WHAT THE TASK REQUIRES> The data below calls for an exact copy.

Saved entries
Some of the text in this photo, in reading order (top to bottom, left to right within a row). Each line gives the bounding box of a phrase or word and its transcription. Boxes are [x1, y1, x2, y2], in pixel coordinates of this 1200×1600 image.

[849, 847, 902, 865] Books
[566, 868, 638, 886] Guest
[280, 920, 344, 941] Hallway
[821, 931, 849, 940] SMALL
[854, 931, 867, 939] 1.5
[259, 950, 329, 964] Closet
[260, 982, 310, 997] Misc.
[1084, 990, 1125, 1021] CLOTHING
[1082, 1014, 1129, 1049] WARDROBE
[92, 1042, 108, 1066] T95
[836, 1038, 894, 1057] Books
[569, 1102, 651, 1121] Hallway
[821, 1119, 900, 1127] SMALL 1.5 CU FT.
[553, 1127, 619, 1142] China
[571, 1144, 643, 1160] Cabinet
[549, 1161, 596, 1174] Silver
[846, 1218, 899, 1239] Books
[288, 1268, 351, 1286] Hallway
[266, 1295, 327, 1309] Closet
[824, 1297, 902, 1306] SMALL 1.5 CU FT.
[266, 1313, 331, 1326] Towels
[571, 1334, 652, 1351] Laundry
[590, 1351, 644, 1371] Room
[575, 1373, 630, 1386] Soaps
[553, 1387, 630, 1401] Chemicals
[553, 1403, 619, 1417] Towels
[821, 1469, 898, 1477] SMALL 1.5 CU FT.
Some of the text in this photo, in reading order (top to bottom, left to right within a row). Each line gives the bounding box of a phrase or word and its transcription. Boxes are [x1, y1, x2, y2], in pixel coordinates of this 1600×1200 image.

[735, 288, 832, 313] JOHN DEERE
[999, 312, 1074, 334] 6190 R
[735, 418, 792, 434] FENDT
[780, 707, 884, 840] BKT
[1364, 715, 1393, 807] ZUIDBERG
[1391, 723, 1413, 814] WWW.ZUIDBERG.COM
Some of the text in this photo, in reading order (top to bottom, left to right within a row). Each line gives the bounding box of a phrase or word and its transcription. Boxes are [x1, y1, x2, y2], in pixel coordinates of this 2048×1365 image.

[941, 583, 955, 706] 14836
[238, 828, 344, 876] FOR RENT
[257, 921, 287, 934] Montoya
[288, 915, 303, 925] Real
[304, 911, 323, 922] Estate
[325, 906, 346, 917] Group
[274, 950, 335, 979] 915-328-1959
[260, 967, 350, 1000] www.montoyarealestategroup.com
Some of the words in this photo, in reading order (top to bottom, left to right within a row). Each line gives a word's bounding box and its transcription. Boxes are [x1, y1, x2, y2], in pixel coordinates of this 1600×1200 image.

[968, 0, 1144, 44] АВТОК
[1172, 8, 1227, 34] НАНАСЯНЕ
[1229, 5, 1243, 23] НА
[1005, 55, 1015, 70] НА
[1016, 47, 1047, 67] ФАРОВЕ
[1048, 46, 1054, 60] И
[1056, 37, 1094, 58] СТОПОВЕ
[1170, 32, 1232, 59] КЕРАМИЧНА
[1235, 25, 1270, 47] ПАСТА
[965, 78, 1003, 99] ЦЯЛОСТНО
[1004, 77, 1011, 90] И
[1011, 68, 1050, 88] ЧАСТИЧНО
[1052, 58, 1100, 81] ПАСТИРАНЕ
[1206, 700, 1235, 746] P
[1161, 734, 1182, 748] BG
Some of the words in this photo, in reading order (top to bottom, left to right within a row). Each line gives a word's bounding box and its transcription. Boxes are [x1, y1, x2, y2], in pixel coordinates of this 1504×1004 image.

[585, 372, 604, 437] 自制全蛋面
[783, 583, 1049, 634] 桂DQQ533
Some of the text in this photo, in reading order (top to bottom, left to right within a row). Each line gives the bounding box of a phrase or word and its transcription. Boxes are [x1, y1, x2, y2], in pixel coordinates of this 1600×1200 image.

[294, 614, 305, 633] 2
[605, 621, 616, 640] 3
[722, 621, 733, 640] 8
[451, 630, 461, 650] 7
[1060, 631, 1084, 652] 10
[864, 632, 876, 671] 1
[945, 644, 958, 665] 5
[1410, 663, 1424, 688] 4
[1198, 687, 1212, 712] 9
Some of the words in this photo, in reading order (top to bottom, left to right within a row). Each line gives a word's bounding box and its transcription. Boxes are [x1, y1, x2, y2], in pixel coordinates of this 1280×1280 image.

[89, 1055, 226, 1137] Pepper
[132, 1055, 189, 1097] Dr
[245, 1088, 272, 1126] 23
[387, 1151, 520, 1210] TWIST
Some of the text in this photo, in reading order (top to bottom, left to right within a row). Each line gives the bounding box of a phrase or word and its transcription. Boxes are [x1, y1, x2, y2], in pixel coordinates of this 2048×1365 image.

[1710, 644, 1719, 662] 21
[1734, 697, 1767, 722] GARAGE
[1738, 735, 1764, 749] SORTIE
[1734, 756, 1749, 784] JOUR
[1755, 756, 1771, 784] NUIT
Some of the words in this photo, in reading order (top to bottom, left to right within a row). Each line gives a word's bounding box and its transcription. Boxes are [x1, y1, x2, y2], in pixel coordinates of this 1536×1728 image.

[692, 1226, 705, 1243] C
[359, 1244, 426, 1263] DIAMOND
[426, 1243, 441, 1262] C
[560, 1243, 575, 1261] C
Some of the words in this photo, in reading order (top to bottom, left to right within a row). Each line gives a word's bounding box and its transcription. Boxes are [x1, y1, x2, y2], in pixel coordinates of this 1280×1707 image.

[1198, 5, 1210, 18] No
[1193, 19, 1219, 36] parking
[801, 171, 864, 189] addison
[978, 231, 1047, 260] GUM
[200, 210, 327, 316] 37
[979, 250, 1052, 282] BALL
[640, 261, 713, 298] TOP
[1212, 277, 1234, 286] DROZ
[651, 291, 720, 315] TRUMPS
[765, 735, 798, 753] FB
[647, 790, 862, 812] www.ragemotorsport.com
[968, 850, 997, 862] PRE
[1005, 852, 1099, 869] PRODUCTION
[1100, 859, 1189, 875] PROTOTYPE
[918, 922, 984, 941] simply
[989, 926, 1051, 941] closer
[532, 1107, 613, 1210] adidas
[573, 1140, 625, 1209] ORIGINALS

EXPECTED ANSWER>
Some of the text in this photo, in reading order (top to bottom, left to right within a row). Each line gives the bounding box of a phrase or word and its transcription. Boxes are [x1, y1, x2, y2], in pixel coordinates of this 1200×1600 image.

[849, 847, 902, 865] Books
[566, 868, 638, 886] Guest
[280, 920, 344, 941] Hallway
[821, 931, 849, 940] SMALL
[854, 931, 867, 939] 1.5
[259, 950, 329, 964] Closet
[260, 982, 310, 997] Misc.
[1084, 990, 1125, 1021] CLOTHING
[1082, 1014, 1129, 1049] WARDROBE
[92, 1042, 108, 1066] T95
[836, 1038, 894, 1057] Books
[569, 1102, 651, 1121] Hallway
[821, 1119, 900, 1127] SMALL 1.5 CU FT.
[553, 1127, 619, 1142] China
[571, 1144, 643, 1160] Cabinet
[549, 1161, 596, 1174] Silver
[846, 1218, 899, 1239] Books
[288, 1268, 351, 1286] Hallway
[266, 1295, 327, 1309] Closet
[824, 1297, 902, 1306] SMALL 1.5 CU FT.
[266, 1313, 331, 1326] Towels
[571, 1334, 652, 1351] Laundry
[590, 1351, 644, 1371] Room
[575, 1373, 630, 1386] Soaps
[553, 1387, 630, 1401] Chemicals
[553, 1403, 619, 1417] Towels
[821, 1469, 898, 1477] SMALL 1.5 CU FT.
Some of the text in this photo, in reading order (top to bottom, left to right within a row). Each line gives the bounding box of a phrase or word and its transcription. Boxes are [x1, y1, x2, y2], in pixel coordinates of this 1600×1200 image.

[735, 288, 832, 313] JOHN DEERE
[999, 312, 1074, 334] 6190 R
[735, 418, 792, 434] FENDT
[780, 707, 884, 840] BKT
[1364, 715, 1393, 807] ZUIDBERG
[1391, 723, 1413, 814] WWW.ZUIDBERG.COM
Some of the text in this photo, in reading order (top to bottom, left to right within a row). Each line gives the bounding box of a phrase or word and its transcription. Boxes are [x1, y1, x2, y2], in pixel coordinates of this 2048×1365 image.

[941, 583, 955, 706] 14836
[238, 828, 344, 876] FOR RENT
[257, 921, 287, 934] Montoya
[288, 915, 303, 925] Real
[304, 911, 323, 922] Estate
[325, 906, 346, 917] Group
[274, 950, 335, 979] 915-328-1959
[260, 967, 350, 1000] www.montoyarealestategroup.com
Some of the words in this photo, in reading order (top to bottom, left to right within a row). Each line gives a word's bounding box and its transcription. Boxes are [x1, y1, x2, y2], in pixel coordinates of this 1600×1200 image.

[968, 0, 1144, 44] АВТОК
[1172, 8, 1227, 34] НАНАСЯНЕ
[1229, 5, 1243, 23] НА
[1005, 55, 1015, 70] НА
[1016, 47, 1047, 67] ФАРОВЕ
[1048, 46, 1054, 60] И
[1056, 37, 1094, 58] СТОПОВЕ
[1170, 32, 1232, 59] КЕРАМИЧНА
[1235, 25, 1270, 47] ПАСТА
[965, 78, 1003, 99] ЦЯЛОСТНО
[1004, 77, 1011, 90] И
[1011, 68, 1050, 88] ЧАСТИЧНО
[1052, 58, 1100, 81] ПАСТИРАНЕ
[1206, 700, 1235, 746] P
[1161, 734, 1182, 748] BG
Some of the words in this photo, in reading order (top to bottom, left to right within a row). Each line gives a word's bounding box and its transcription. Boxes are [x1, y1, x2, y2], in pixel coordinates of this 1504×1004 image.

[585, 372, 604, 437] 自制全蛋面
[783, 583, 1049, 634] 桂DQQ533
Some of the text in this photo, in reading order (top to bottom, left to right within a row). Each line gives the bounding box of a phrase or word and its transcription. Boxes are [x1, y1, x2, y2], in pixel coordinates of this 1600×1200 image.

[294, 614, 305, 633] 2
[605, 621, 616, 640] 3
[722, 621, 733, 640] 8
[451, 630, 461, 650] 7
[1060, 631, 1084, 652] 10
[864, 632, 876, 671] 1
[945, 644, 958, 665] 5
[1410, 663, 1424, 688] 4
[1198, 687, 1212, 712] 9
Some of the words in this photo, in reading order (top to bottom, left to right within a row). Each line gives a word's bounding box and its transcription. Boxes are [x1, y1, x2, y2], in pixel coordinates of this 1280×1280 image.

[89, 1055, 226, 1137] Pepper
[132, 1055, 189, 1097] Dr
[245, 1088, 272, 1126] 23
[387, 1151, 520, 1210] TWIST
Some of the text in this photo, in reading order (top to bottom, left to right within a row). Each line gives the bounding box of a phrase or word and its transcription. Boxes are [x1, y1, x2, y2], in pixel coordinates of this 2048×1365 image.

[1710, 644, 1719, 662] 21
[1734, 697, 1767, 722] GARAGE
[1738, 735, 1764, 749] SORTIE
[1734, 756, 1749, 784] JOUR
[1755, 756, 1771, 784] NUIT
Some of the words in this photo, in reading order (top to bottom, left to right within a row). Each line gives a word's bounding box and its transcription. Boxes are [x1, y1, x2, y2], in pixel coordinates of this 1536×1728 image.

[692, 1226, 705, 1243] C
[359, 1244, 426, 1263] DIAMOND
[426, 1243, 441, 1262] C
[560, 1243, 575, 1261] C
Some of the words in this photo, in reading order (top to bottom, left to right within a row). Each line gives a word's bounding box and its transcription. Boxes are [x1, y1, x2, y2], in pixel coordinates of this 1280×1707 image.

[1198, 5, 1210, 18] No
[1193, 19, 1219, 36] parking
[801, 171, 864, 189] addison
[978, 231, 1047, 260] GUM
[200, 210, 327, 316] 37
[979, 250, 1052, 282] BALL
[640, 261, 713, 298] TOP
[1212, 277, 1234, 286] DROZ
[651, 291, 720, 315] TRUMPS
[765, 735, 798, 753] FB
[647, 790, 862, 812] www.ragemotorsport.com
[968, 850, 997, 862] PRE
[1005, 852, 1099, 869] PRODUCTION
[1100, 859, 1189, 875] PROTOTYPE
[918, 922, 984, 941] simply
[989, 926, 1051, 941] closer
[532, 1107, 613, 1210] adidas
[573, 1140, 625, 1209] ORIGINALS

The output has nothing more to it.